Evolutionary pressure

Wednesday, 01 February 2023

Denise Cullen

    Not-for-profit (NFP) organisations have endured testing times in recent years - and there are further challenges ahead as the sector evolves, according to the AICD’s 2022 Not-For-Profit Governance and Performance Study. 

    The challenges of a global pandemic, along with successive royal commissions, have major implications for the governance of organisations across the sector, according to the Not-for-Profit Governance and Performance Study 2022. The study, commissioned by the AICD and conducted by Piazza Research, reveals that the NFP sector continues to change at a rapid pace. Directors’ roles are also evolving rapidly.

    “We’re seeing directors spending more time on their role and the expectations from society probably means that will continue to increase,” the report states. “With these increased expectations also comes a question of whether our traditional governance model enables directors to really understand the quality of care provided or the effectiveness of their organisation.”

    For more than a decade, the NFP study has delved behind the headlines to explain the unique challenges facing boards and directors in this large and diverse sector.

    According to the Australian Charities and Not-for-profits Commission (ACNC), there are about 60,000 registered charities in Australia, working in a range of areas including health, education, social welfare, religion, culture, human rights, the environment and animal welfare. They range from small, volunteer-run groups with no funding or revenue, to large organisations with complicated business structures and operations.

    This year, there were 2347 responses to the AICD survey, off a base of approximately 22,000 NFP members on the AICD data base. The 2022–23 study has again been conducted against a backdrop of organisations working with the nation’s most vulnerable individuals being under increased pressure and scrutiny.

    “Will directors need to get their hands slightly ‘dirty’ or have their ‘noses further in’ to the operations of their organisation?” the report asks.

    Measuring organisational effectiveness

    The complexity of the issues facing organisations in the NFP sector means they may face challenges measuring their progress towards achieving their purpose. This year’s respondents indicate high levels of confidence in their organisation’s effectiveness, with 68 per cent reporting that their organisation is mostly or highly effective at achieving its purpose. Overall, 93 per cent said they were confident that their executive leadership was making good decisions. However, the top method used to measure effectiveness was “CEO reports”. Two of the other main methods were “business metrics collected through management systems” and “stakeholder surveys”.

    Three in four (75 per cent) of respondents considered that their risk framework worked moderately to extremely well in responding to the COVID-19 pandemic.

    Evolving role of directors

    Many respondents remarked upon the extra time required in their role as NFP directors, with 44 per cent claiming that they spent “somewhat more” or “twice as much time or more” on their role.

    More than half (55 per cent) said they spent between one to five days per month on their role, while nine per cent said they spent more than eight days per month on their role.

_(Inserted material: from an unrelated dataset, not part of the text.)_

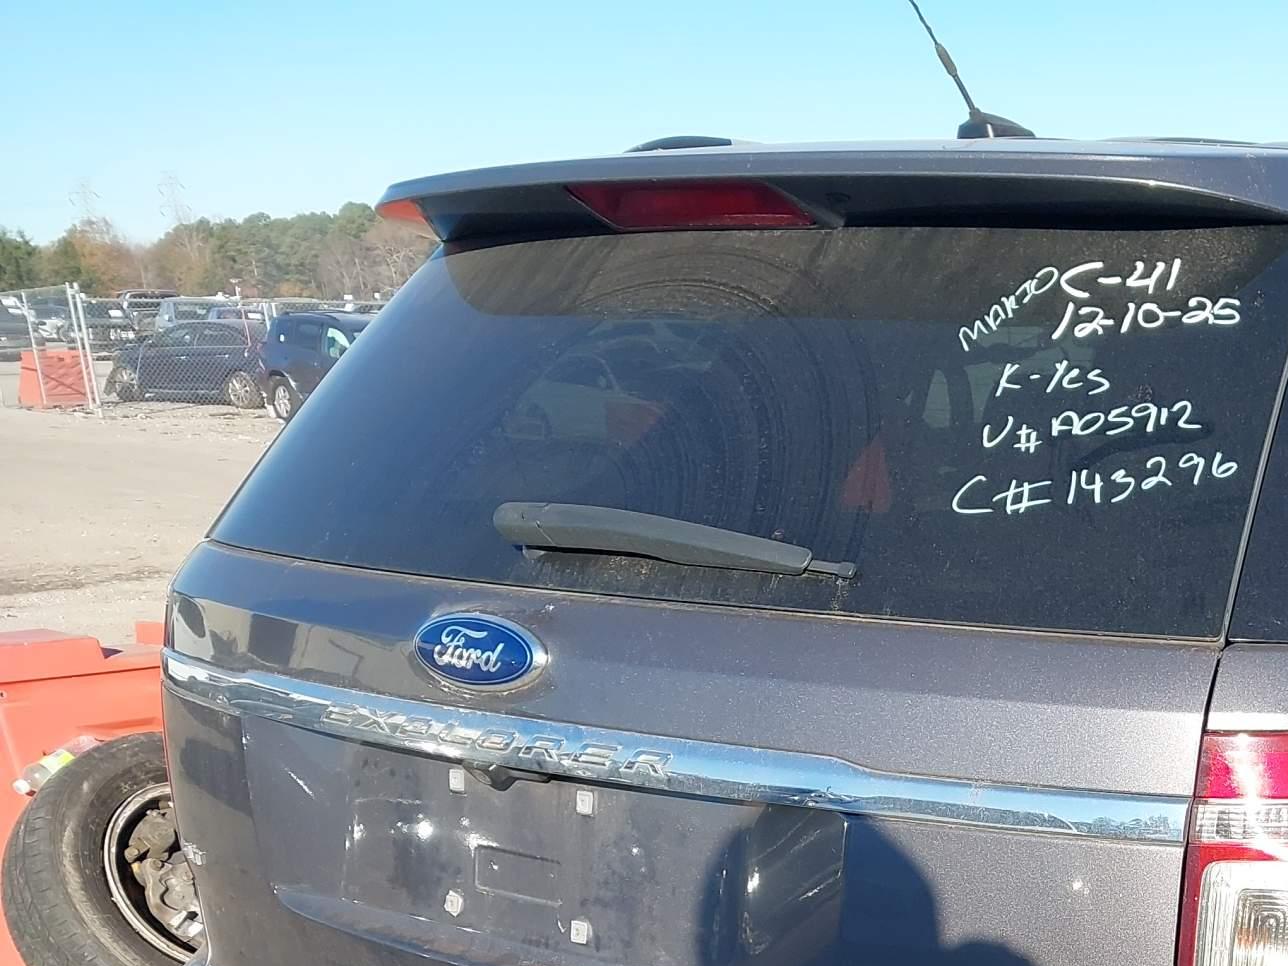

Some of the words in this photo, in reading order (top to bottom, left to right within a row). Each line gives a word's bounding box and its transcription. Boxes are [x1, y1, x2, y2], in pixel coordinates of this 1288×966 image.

    Among organisations that provided care or support services, 60 per cent said they relied upon “CEO and management reports” to ensure recipients received appropriate care and support.

    Only 16 per cent of health and residential aged care, and 12 per cent of social services organisations used their expert care committees to ensure the appropriateness of care and support for recipients. This is despite Recommendation 90(b) of the Aged Care Royal Commission stating the need for “a care governance committee, chaired by a non- executive member with appropriate experience in care provision, to monitor and ensure accountability for the quality of care provided, including clinical care, personal care and services, and supports for daily living”.

    The survey found that larger organisations with more than 200 staff members were more likely (19 to 25 per cent) to use expert care committees than smaller organisations (seven to 12 per cent).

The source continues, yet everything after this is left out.